CKC exercises like squatting present increased sport specificity compared to the leg-extension due to its multi-joint movement properties, similar movement patterns and neuromuscular recruitment, or improvement of dynamic posture (Malliaras, Cook, Purdam, & Rio, 2015). However, this kind of exercises have a significantly higher impact on the joint loading due to the axial forces (McGinty, Irrgang, & Pezzullo, 2000), which can be avoided with a wisely combination with the OKC exercises without compromising performance enhancement strategies.
OKC exercises introducing might also be appealing in the gym programs if we consider the importance of the variability and use of different kind of stimulus for muscle adaptation, avoiding accommodation stages (combination of OKC and CKC exercises).
5- The leg-extension is not a functional exercise

Figure 8 – Back Squat, Squat Jump and Sprinting transfers
According to this definition, leg-extension exercise must be considered a potential functional exercise, once it is well documented in literature that it has transfer for functional capabilities, as discussed in the previous topic (Hackett, Davies, Soomro, & Halaki, 2015). An exercise presently considered as functional for an athlete in order to improve jumping performance may lose this quality if, improvement in its outcomes (e.g. increased loading capability) does not correlate with an improvement in the target functional skill (e.g. improving the jump height).
Special Consideration: The Isokinetic Dynamometer and the use of leg-extension
The Isokinetic Dynamometer (IKD) fills an important place on the return-to-play criteria after injury, especially in muscle injuries and knee joint injuries rehabilitations (Delvaux, et al., 2014; Melick, et al., 2016).
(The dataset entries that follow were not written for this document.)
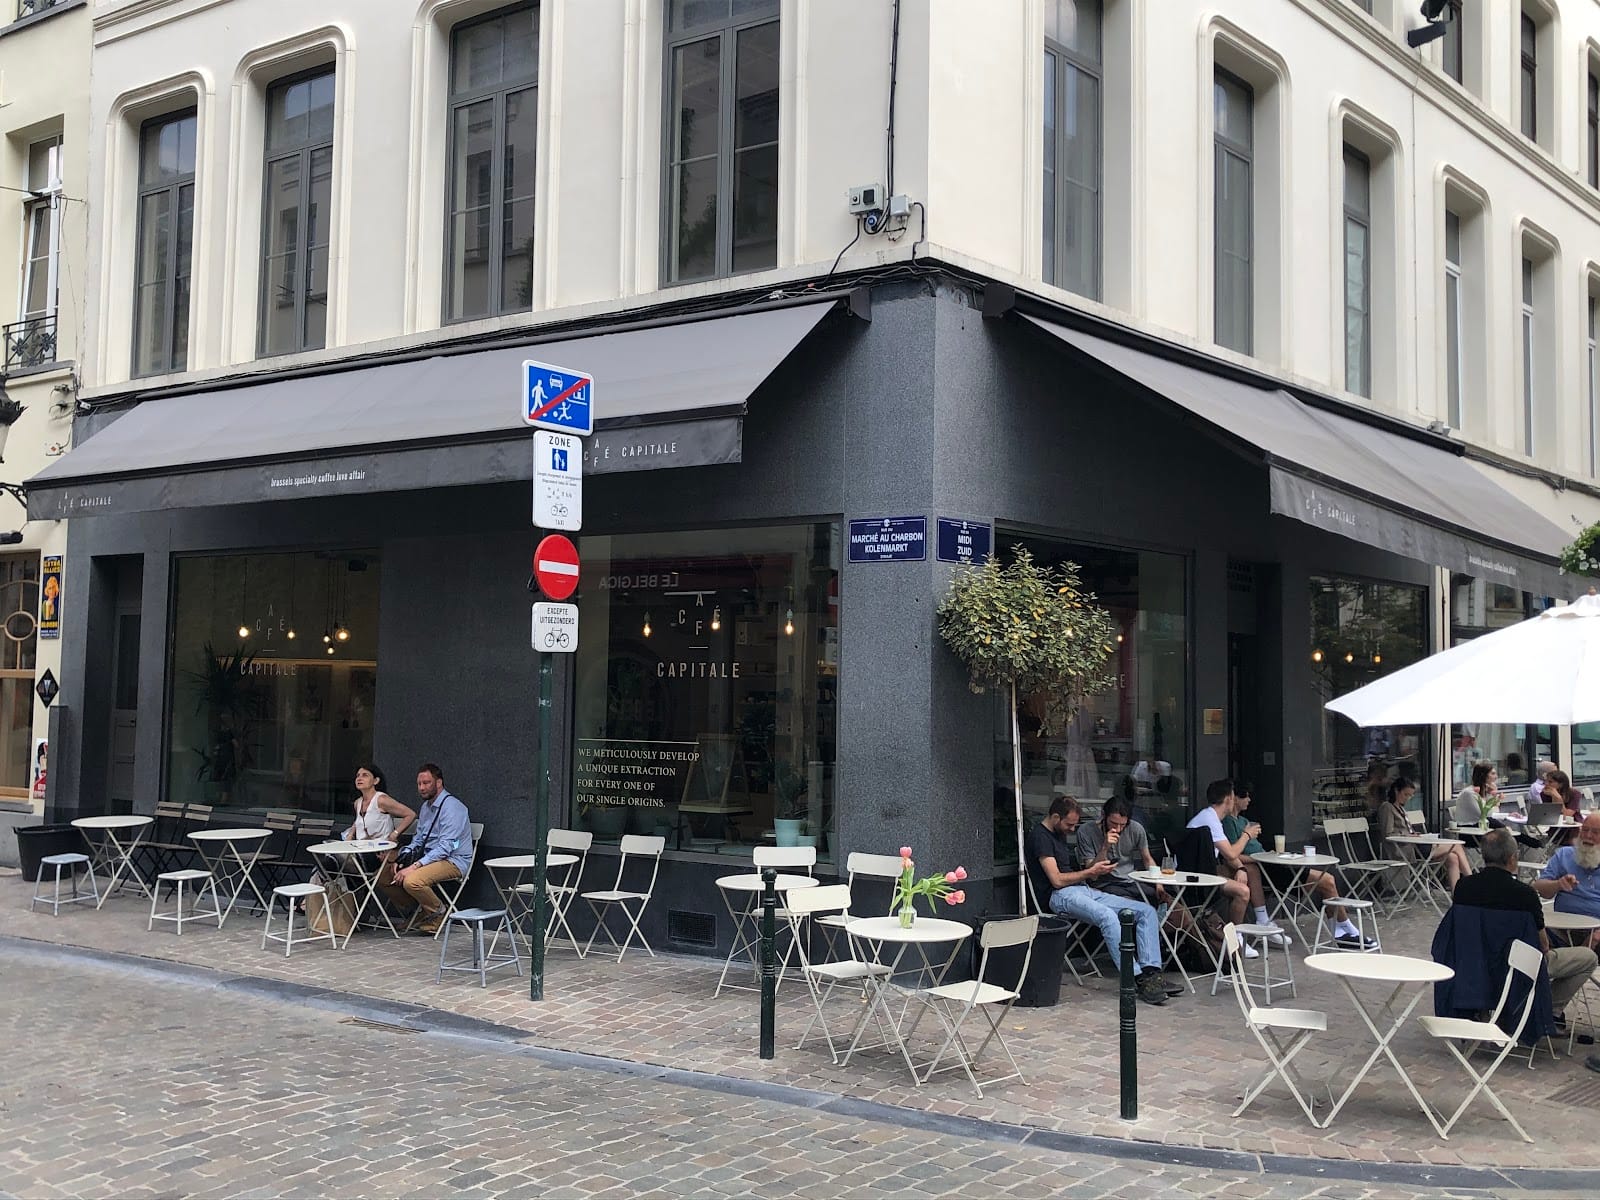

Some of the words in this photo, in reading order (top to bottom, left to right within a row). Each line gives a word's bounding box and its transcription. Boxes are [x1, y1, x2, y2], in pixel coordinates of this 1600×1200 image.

[549, 436, 571, 448] ZONE
[621, 442, 677, 458] CAPITALE
[80, 496, 112, 507] CAPITALE
[852, 532, 878, 543] MARCHÉ
[880, 533, 889, 542] AU
[890, 532, 923, 542] CHARBON
[957, 534, 972, 545] MIDI
[864, 543, 908, 553] KOLENMARKT
[957, 545, 972, 556] ZUID
[240, 662, 296, 676] CAPITALE
[657, 662, 740, 678] CAPITALE
[578, 748, 591, 757] WE
[593, 749, 657, 760] METICULOUSLY
[659, 751, 700, 762] DEVELOP
[577, 763, 584, 772] A
[585, 763, 619, 774] UNIQUE
[620, 765, 677, 776] EXTRACTION
[577, 779, 594, 788] FOR
[595, 780, 621, 790] EVERY
[623, 781, 642, 791] ONE
[643, 782, 656, 791] OF
[576, 794, 594, 803] OUR
[596, 795, 626, 805] SINGLE
[627, 796, 666, 808] ORIGINS.
Several studies show that the IKD performance is a valid marker for the return-to-play of several clinical conditions like hamstring injuries and ACL reconstructions (Delvaux, et al., 2014; Melick, et al., 2016).
Being the IKD movement pretty much the same as the leg-extension machine but with different speed properties, it is reasonable to assume that return-to-play criteria might be easily reached if the athlete performs the leg-extension machine during his rehabilitation process, considering that leg-extension has a positive transfer effect for the IKD testing performance.
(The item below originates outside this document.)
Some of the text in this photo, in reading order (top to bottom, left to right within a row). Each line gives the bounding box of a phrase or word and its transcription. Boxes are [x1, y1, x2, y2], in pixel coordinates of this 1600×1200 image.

Figure 9 – Knee Isokinetic Dynamometer Testing
Conclusion
Despite having a significant amount of criticism surrounding it, there is a lack of research, together with speculation, about the detrimental effects of the leg-extension exercise or its usefulness as a performance or rehabilitation exercise. In our opinion, at Football Medicine®, there are certainly benefits in including this form of kinetic chain exercise.
CKC exercise add the most value to our practice, however, we should not neglect the benefits that can be reached with a wise combination of OKC and CKC exercises to rehabilitate, manage and improve our players performance.
In our perspective, the leg-extension should be wisely included in the gym programs, with an appropriate ratio between CKC:OKC exercises in a well periodized manner to avoid detrimental effects of it and to improve our professional outcomes.
“Science is the great antidote to the poison of enthusiasm and superstition.”